Matching technical charts to asset classes
There are many different chart types and indicators and as such it is important to create a technical setup that works for you. Here I would suggest you explore different asset classes and products to find the one that you feel most connected to. Then experiment with different charts and indicators to find the best combination of chart, timeframe, and indicators. As with trading, keep it as simple as possible, maybe one or two chart types and a maximum of three indicators, as less is more!
Timeframes are important as it will depend on how long you intend to keep a trade open for. As to the timeframe(s) you use to analyse, you will find traders use shorter ones than investors.
If you are trading more than one contract, especially different asset classes, you may discover you need different setups for each!
What is the most popular technical trading chart?
Although there are many to choose from the most popular chart is the candlestick chart, this does not mean you have to use it though! Try all of them to find which one you prefer. There are over three hundred indicators (remember, maximum three) and it is important to ensure your setup of chart(s) and indicators compliment and do not conflict.

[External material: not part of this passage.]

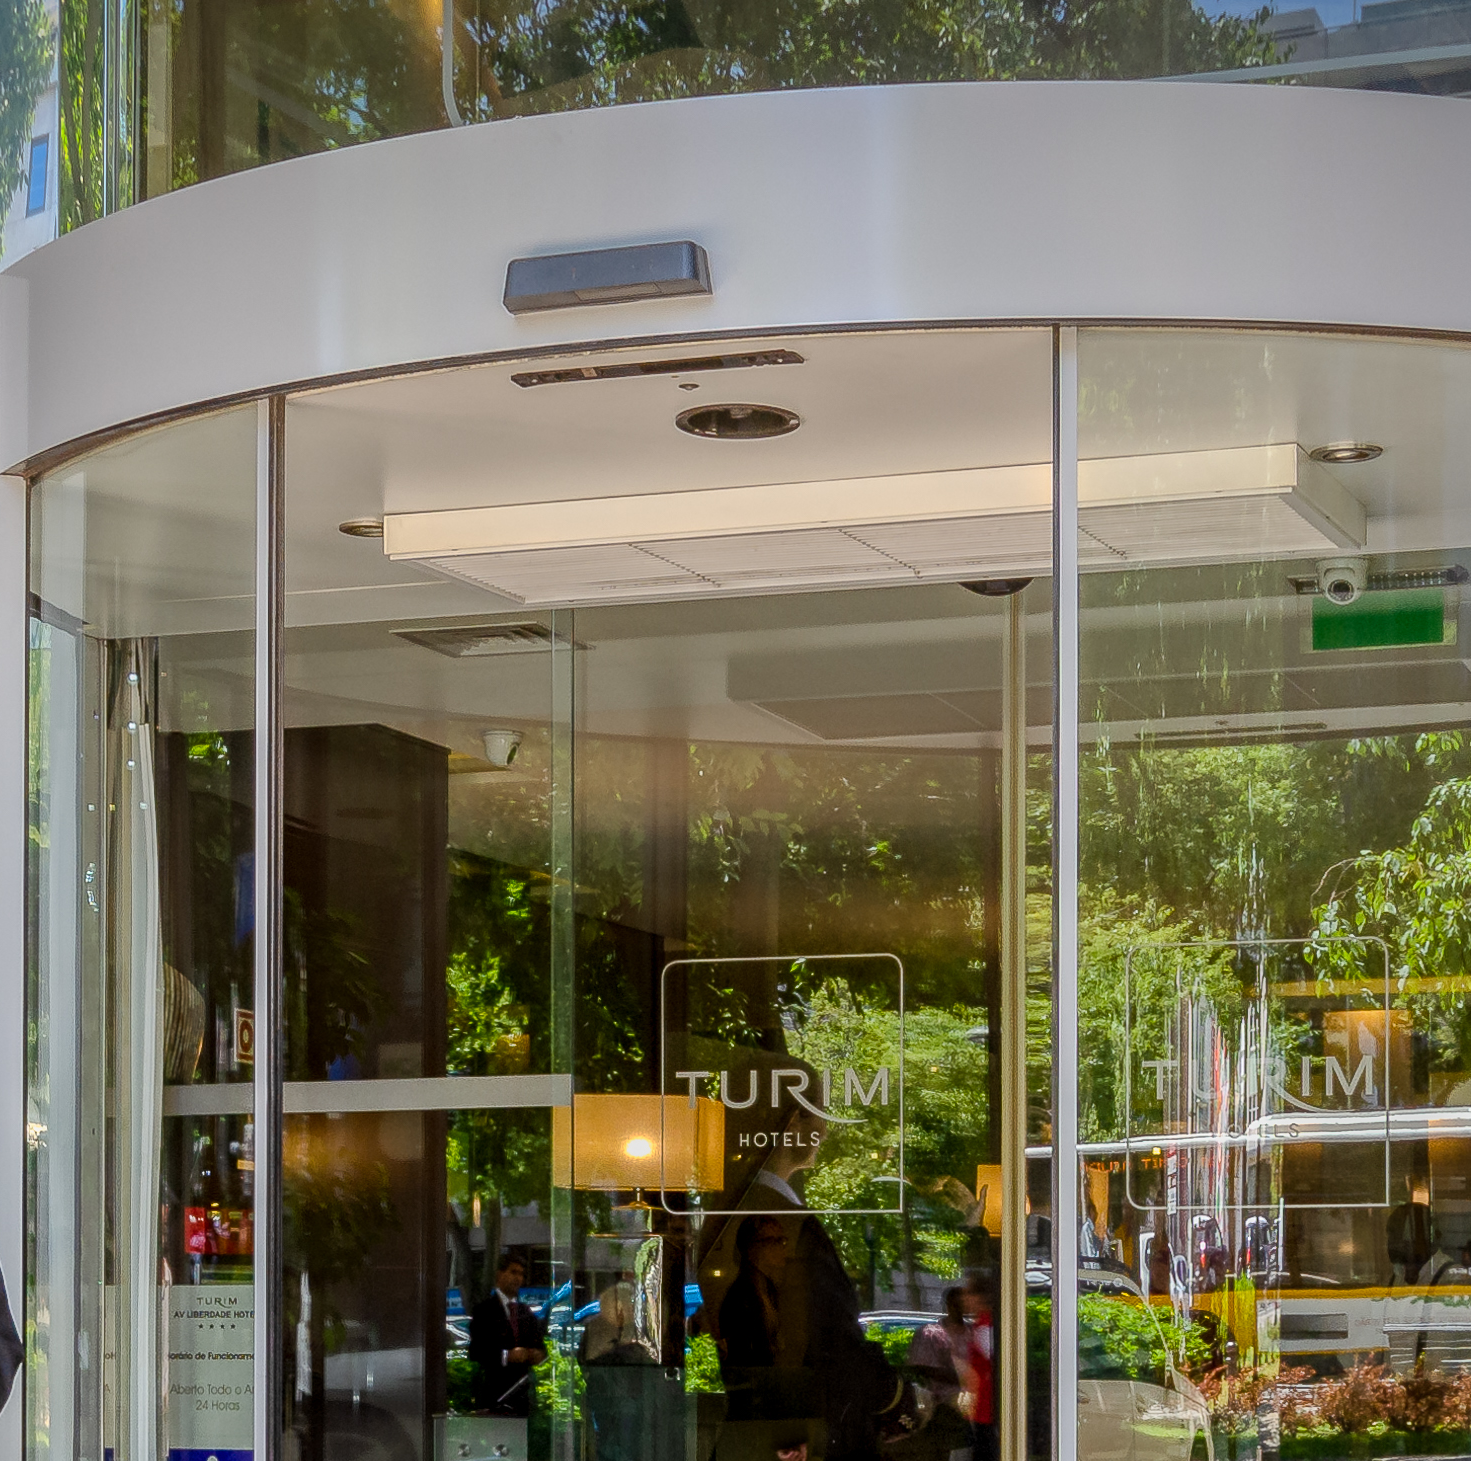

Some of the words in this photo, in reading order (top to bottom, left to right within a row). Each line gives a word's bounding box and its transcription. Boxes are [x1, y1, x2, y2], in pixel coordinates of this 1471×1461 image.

When we analyse charts, we look for support and resistance, trend lines, double or triple tops and perhaps Bollinger Bands or Fibonacci, RSI or MACD. Basically, anything that will help identify levels that will increase our chances of success and provide high-probability entries.

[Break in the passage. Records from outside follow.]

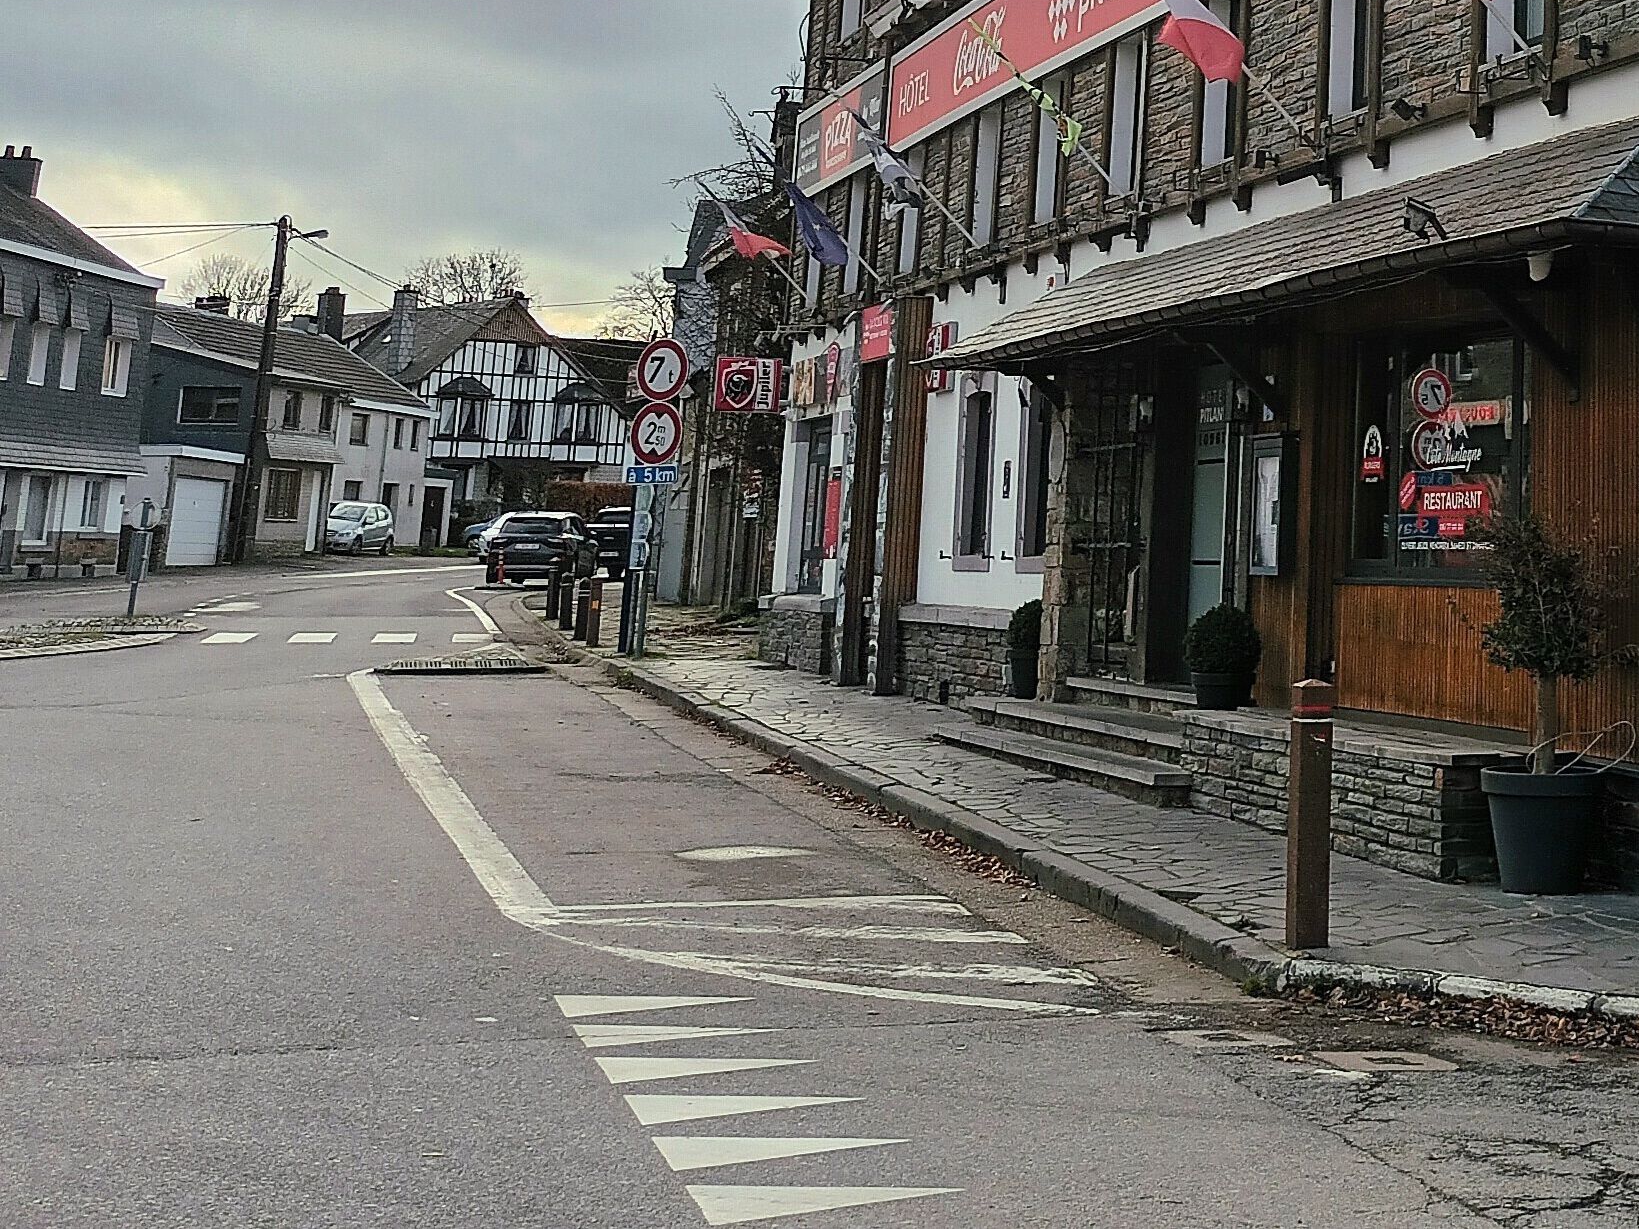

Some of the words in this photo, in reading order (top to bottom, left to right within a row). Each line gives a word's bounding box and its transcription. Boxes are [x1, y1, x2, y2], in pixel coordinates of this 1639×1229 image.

[898, 69, 931, 118] HÔTEL
[825, 110, 853, 160] PIZZA
[648, 356, 666, 383] 7
[668, 369, 674, 383] t
[757, 361, 772, 408] Jupiler
[644, 421, 658, 445] 2
[644, 468, 653, 482] 5
[656, 467, 675, 482] km
[1424, 491, 1482, 511] RESTAURANT

Levels also assist in identifying where to place our stop loss in case the line is broken.
It is useful to remember that sometimes a line is only briefly broken (called a false breakout) and then it reverses, leaving the line intact on the subsequent candles or bars etc. If the level remains broken it then reverses its role, a support line. and becomes resistance (and a resistance line would become support).
I hope this helps you understand a little regarding technical analysis. Yes, it works, however, whether it is right for you will only be known by extensively practicing with it. I would suggest you take the time to research the fundamentals that impact your product too, along with any correlated contracts that could also help in your decision making. Once you have practiced for a while, try NOT using charts in a practice session and see how you get on!
If it does work for you then it will become an invaluable part of your trading plan.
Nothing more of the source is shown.